第八十三話 宮崎城攻防(前編)
慶長五年、秋。
飫肥の城下には緊張の空気が漂っていた。
伊東祐慶はまだ若く
しかし父・祐兵の病床で受けた遺命を胸に
軍議の席に座していた。
家老・稲津重政が静かに言う。
「殿。東軍の忠節を示すには、宮崎城を攻めるより他にございませぬ。」
祐慶は眉を寄せ、目を閉じた。
父の言葉が脳裏に甦る。
『――正しき義のために刃を抜け。それが伊東の道ぞ』
黒田如水の密使・宮川伴左衛門が続けた。
「東軍は殿の働きを待っておりますぞ。」
祐慶は深く頷き、決然と言い放つ。
「飫肥の名を掲げ、父の義を果たす! 宮崎へ発て!」
その声に、三千の兵が鬨の声を上げた。
そして伊東家の赤き旗が、日向の風に再び翻った。
九月二十九日、明け方。
霧の宮崎平野を進む伊東勢三千。
総大将・稲津重政が指揮を執り
側には山田宗昌
そして先鋒には黒木多兵衛、日高伊左衛門の姿があった。
「この戦、飫肥の義を示す戦ぞ。命惜しむな!」
重政の声が響く。
黒木多兵衛は口を歪めて笑い、隣の日高伊左衛門に言った。
「おい、日高。生きて戻れぬなら、せめて派手に散ろうじゃねえか。

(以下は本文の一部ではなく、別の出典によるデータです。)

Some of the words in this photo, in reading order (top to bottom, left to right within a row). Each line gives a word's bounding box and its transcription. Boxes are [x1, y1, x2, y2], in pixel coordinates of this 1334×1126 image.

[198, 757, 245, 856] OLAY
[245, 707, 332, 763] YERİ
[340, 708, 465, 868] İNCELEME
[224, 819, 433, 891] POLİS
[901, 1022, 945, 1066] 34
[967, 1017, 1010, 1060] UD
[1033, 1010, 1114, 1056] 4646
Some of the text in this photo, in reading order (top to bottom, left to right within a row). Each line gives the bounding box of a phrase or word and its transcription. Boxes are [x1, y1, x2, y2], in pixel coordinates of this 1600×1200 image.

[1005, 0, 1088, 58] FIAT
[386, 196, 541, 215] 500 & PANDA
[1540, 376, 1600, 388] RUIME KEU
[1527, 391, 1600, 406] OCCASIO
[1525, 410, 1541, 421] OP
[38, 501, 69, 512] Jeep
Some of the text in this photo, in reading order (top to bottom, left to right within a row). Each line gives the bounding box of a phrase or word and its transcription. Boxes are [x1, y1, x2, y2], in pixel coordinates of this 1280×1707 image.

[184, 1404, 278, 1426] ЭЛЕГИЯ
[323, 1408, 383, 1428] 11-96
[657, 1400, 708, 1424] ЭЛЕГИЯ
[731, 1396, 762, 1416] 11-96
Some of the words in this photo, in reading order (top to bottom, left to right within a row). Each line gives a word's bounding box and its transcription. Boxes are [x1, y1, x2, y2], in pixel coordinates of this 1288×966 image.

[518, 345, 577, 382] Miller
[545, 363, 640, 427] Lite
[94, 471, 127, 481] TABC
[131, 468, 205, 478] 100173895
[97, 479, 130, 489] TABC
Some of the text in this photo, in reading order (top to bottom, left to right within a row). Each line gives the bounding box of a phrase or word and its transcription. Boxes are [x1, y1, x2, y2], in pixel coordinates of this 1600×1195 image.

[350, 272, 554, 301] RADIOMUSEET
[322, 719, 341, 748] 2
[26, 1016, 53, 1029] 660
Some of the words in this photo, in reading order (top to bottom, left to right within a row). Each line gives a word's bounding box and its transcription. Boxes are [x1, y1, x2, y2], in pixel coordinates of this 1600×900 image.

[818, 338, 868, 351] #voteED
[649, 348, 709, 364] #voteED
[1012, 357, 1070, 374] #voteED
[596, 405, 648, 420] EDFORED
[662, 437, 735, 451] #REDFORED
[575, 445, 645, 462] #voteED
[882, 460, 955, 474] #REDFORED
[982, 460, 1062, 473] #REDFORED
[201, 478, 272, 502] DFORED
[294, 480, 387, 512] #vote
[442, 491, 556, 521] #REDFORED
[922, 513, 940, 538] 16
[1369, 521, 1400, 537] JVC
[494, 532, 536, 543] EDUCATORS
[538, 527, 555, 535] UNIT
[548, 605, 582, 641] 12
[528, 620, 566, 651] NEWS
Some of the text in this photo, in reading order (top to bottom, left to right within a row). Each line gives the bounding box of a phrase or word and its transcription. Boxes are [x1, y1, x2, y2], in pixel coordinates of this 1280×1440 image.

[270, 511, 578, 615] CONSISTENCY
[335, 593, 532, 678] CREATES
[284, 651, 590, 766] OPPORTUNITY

」
「おうよ。俺たちの矢で、飫肥の名を轟かせてやる!」
太鼓が鳴り、火矢が放たれた。
炎が夜明けの空を赤く染め、宮崎城の櫓が燃え上がる。
山田宗昌が軍配を掲げ、突撃の合図を送る。
「敵は怯んでおる! このまま攻め込め!」
伊東軍は波のように押し寄せ、矢と叫びが交錯した。
激戦は三刻に及んだ。
城壁からの銃撃と石礫が、次々と伊東兵をなぎ倒す。
黒木多兵衛は矢を掠めながら叫んだ。
「城門を破れぇっ!」
その瞬間、胸を貫く銃弾――
「ぐっ……! 殿に、伝え……飫肥は……義を、捨てぬ……」
地に伏した多兵衛の手が、血に染まった土を掴んだ。
日高伊左衛門も負傷した足を引きずりながら、最後の突撃を試みた。
「退くなぁっ! 俺が道を拓く!」
しかし城上から投げられた火玉が爆ぜ、彼の姿は炎に包まれた。
山田宗昌がそれを見て歯を噛み締めた。
「……無駄死にはさせぬ。必ず、宮崎を落とす!」
稲津重政は静かに頷く。
「この犠牲、必ず勝利で報いるのだ。」
伊東の軍勢は再び隊列を整え、決死の突撃を準備していた。
夕陽が戦場を朱に染めた。
煙が立ち込め、炎が城壁を舐める。
祐慶は馬上から戦況を見つめ、静かに呟いた。
「多兵衛、伊左衛門……その命、決して無駄にはせぬ。」
稲津重政が馬を寄せる。
「殿、夜襲の備えをいたしましょう。奴らに息をつかせてはなりませぬ。」
「うむ。夜陰に紛れて一気に攻める。飫肥の名を刻むのだ。」
山田宗昌は刀を拭い、炎を見つめながら言った。
「この地に立つ者すべて、己の義を信じている。だが、我らが義こそ真に正しきものだ。」
その夜、伊東の陣では
多兵衛と伊左衛門の遺骸が篝火の下に安置された。
祐慶はその前に膝をつき、深く頭を下げた。
「明日こそ、城を討ち果たし、おぬしらの魂を慰めよう。」
風が炎を揺らし、二人の名を囁くように消えていった。
宮崎城攻め――その決着は、まだ夜の向こうにあった。